Book Review: Nonviolent Resistance to the Nazis
by Gertjan Cobelens
But what about World War II? It is considered the ultimate trump card in any debate on the effectiveness of nonviolent resistance. Not entirely by accident, it is also the title of an IFOR brochure on this very question. (1) It was President Obama’s main defense for his justification of the use of force in his acceptance speech of the Nobel Peace Prize. It was one of the main stumbling blocks for Martin Luther King Jr. towards embracing nonviolence, and it is the standard reaction of most people involved in government and the military to suggestions of implementing forms of nonviolent civil defense. The implication, of course, is that the Nazi regime was so violent and abhorrent that it could only be stopped by brute force. The other side of the coin, though, is that if one could argue successfully that some forms of nonviolent resistance did prove viable during WWII, it would follow that these strategies would be effective under most circumstances.
That was what the War Resisters’ International set out to demonstrate when, in 1952, they embarked on the idea to put together a book on accounts of nonviolent resistance.

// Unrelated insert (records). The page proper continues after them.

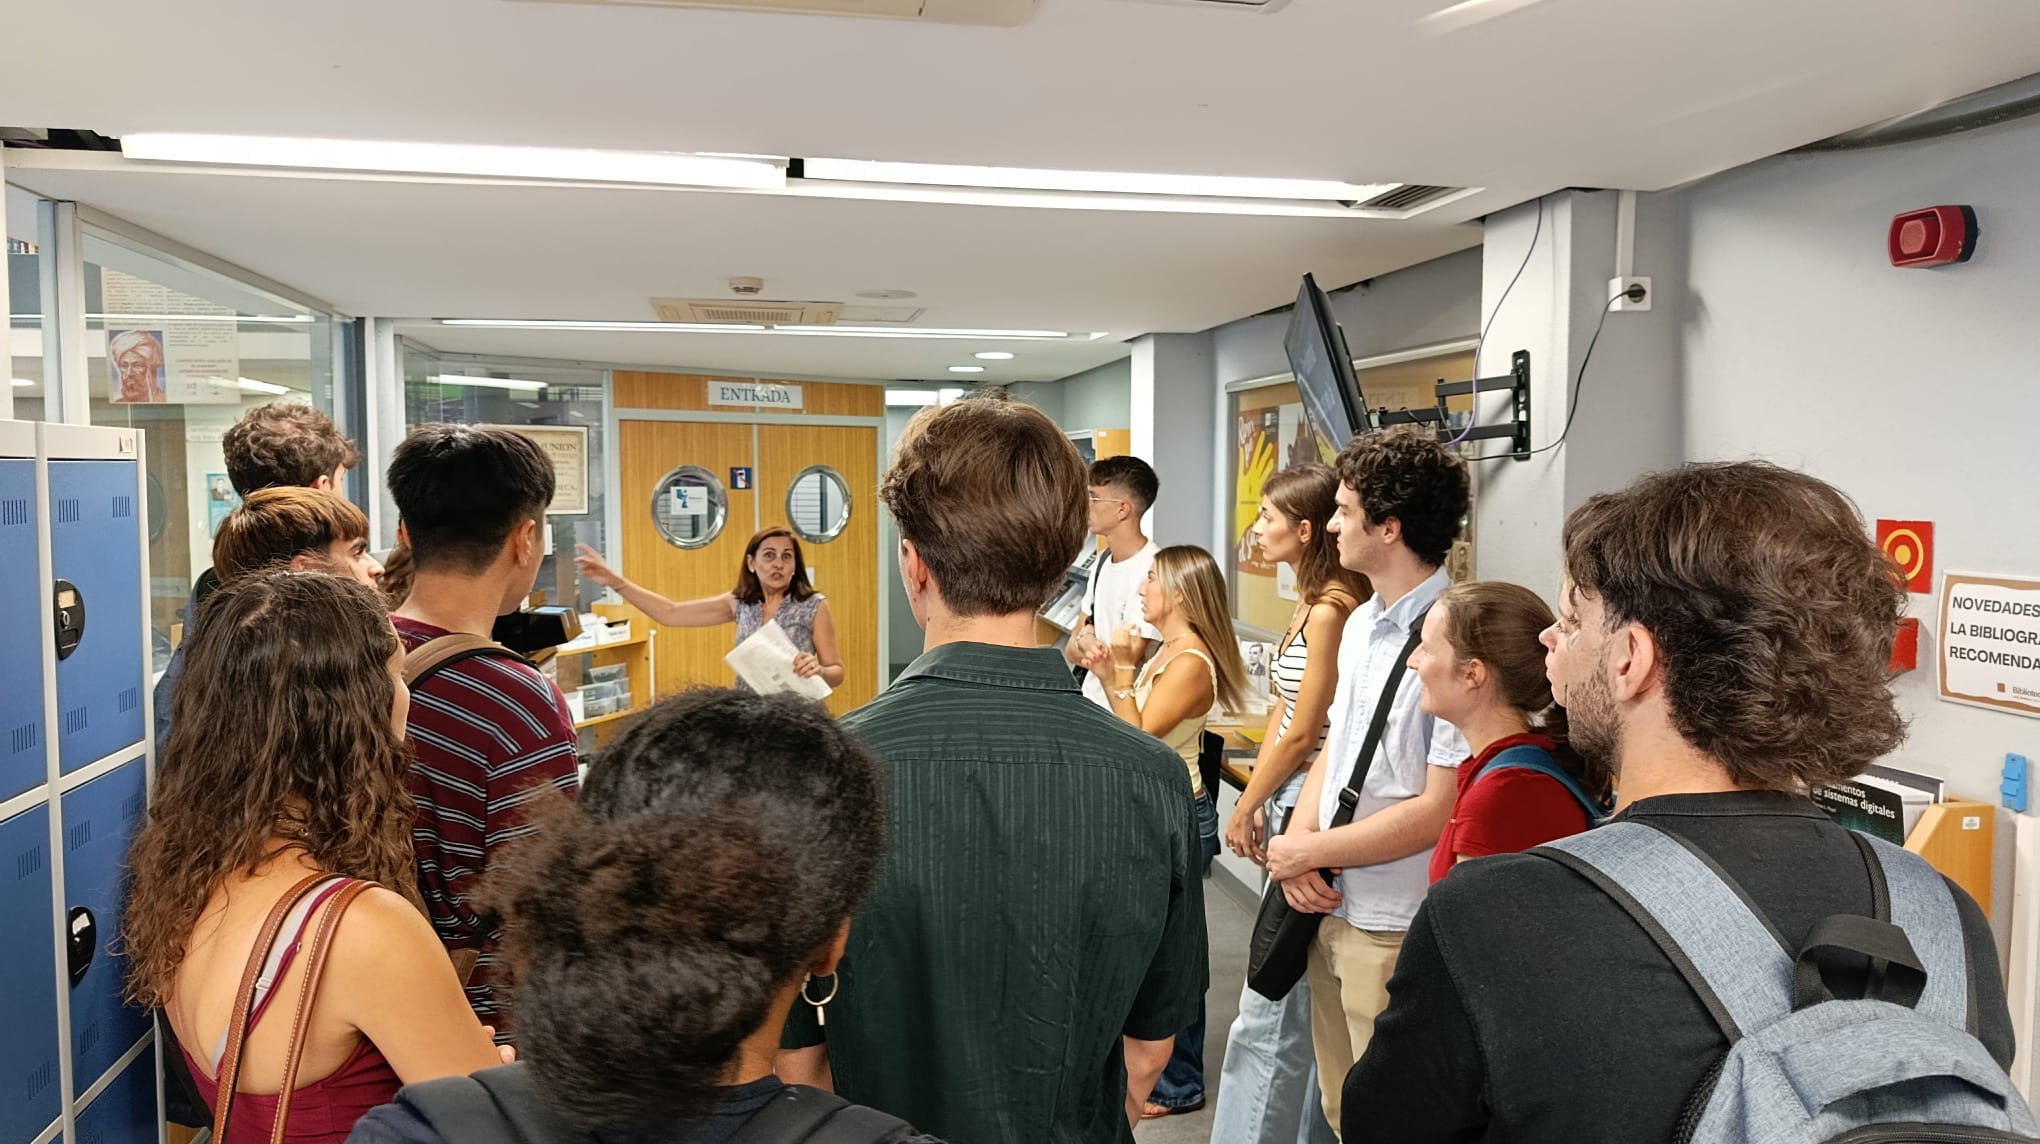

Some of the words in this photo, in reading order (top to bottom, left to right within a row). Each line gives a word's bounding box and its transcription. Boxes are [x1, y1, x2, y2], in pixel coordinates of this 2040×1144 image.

[720, 387, 791, 403] ENTRADA
[1952, 596, 2040, 617] NOVEDADES
[1950, 622, 1967, 636] LA
[1970, 624, 2040, 646] BIBLIOGR
[1823, 790, 1859, 808] sistemas
[1860, 801, 1895, 819] digitales

Although the WRI succeeded in amassing some first-class examples, the amount of material collected was deemed insufficient to be published as a book. (2) Others followed suit, such as Gene Sharp in his 1958 Peace News Pamphlet Tyranny Could Not Quell Them, in which he detailed the successful non-cooperation campaign by the teachers of Norway, and Jacques Sémelin’s Unarmed Against Hitler: Civilian Resistance in Europe 1939-1943. (3).

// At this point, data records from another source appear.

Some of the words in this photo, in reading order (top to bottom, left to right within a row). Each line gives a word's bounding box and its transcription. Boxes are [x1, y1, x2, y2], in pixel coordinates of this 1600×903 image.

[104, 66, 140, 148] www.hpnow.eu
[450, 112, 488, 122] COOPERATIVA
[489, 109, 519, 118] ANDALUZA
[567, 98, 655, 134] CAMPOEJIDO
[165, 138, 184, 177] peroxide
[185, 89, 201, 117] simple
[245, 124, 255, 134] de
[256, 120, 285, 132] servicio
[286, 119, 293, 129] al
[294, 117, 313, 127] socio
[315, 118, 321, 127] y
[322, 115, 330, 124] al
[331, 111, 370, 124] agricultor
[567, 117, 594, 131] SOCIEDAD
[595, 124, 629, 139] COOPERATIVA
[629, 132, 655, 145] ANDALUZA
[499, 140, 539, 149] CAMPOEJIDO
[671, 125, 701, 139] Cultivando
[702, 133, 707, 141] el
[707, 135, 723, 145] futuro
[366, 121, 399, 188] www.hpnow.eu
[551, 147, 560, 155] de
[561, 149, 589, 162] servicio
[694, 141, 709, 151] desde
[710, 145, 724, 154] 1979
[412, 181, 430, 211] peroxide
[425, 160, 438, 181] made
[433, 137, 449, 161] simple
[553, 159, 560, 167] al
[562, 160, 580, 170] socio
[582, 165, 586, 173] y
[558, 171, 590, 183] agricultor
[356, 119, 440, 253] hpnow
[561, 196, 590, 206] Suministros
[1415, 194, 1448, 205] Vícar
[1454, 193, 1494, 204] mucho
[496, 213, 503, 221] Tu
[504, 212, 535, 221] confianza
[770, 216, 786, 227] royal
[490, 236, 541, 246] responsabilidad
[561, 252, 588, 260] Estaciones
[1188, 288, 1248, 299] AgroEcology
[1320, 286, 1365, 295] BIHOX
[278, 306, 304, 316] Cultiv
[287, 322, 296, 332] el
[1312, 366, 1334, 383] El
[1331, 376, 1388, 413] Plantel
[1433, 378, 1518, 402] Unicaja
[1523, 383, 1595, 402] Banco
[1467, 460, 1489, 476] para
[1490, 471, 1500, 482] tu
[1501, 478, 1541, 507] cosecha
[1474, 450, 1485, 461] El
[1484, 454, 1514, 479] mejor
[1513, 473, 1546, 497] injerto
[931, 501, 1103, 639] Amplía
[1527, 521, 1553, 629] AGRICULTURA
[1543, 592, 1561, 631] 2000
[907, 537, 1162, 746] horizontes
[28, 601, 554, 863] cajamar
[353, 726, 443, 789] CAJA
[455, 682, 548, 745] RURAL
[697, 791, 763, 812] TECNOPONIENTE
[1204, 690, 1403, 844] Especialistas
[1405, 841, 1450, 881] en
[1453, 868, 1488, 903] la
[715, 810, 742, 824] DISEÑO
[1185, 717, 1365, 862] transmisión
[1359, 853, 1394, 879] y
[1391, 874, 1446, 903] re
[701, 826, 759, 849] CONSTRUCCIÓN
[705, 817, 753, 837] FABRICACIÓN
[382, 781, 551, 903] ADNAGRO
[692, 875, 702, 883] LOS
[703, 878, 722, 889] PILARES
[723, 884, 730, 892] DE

George Paxton is a trustee of the Gandhi Foundation in London, editor of the quarterly journal The Gandhi Way, and author of several books and numerous articles on Gandhi. For his recent book Nonviolent Resistance to the Nazis he has collected an impressive amount of research and combined it into “a perspective on the Nazi era which is rarely put forward,” and he has also looked at accounts of rescuing persecuted Jews and at acts that have been much less thoroughly studied, which he describes as “nonviolent resistance by the people on their own behalf.” (4) Roughly a third of his book is devoted to a nation-by-nation account of various forms of nonviolent resistance, another third to fourteen case studies, some of them well-known, others less so, and the last third to his own analysis of the accounts he has presented. The first two parts provide a treasure trove of information, but it is the last part where the book comes into its own. Here he discusses, among many other things, the potential of nonviolent resistance, what makes people potential resisters and rescuers, what makes countries more prone to nonviolent resistance, and what a Gandhian style of nonviolent resistance might have looked like. If we were to have a quibble with the book it might be that, for a second edition, it would be tremendously helpful to students and scholars alike were Paxton to cite the sources for his extensive research.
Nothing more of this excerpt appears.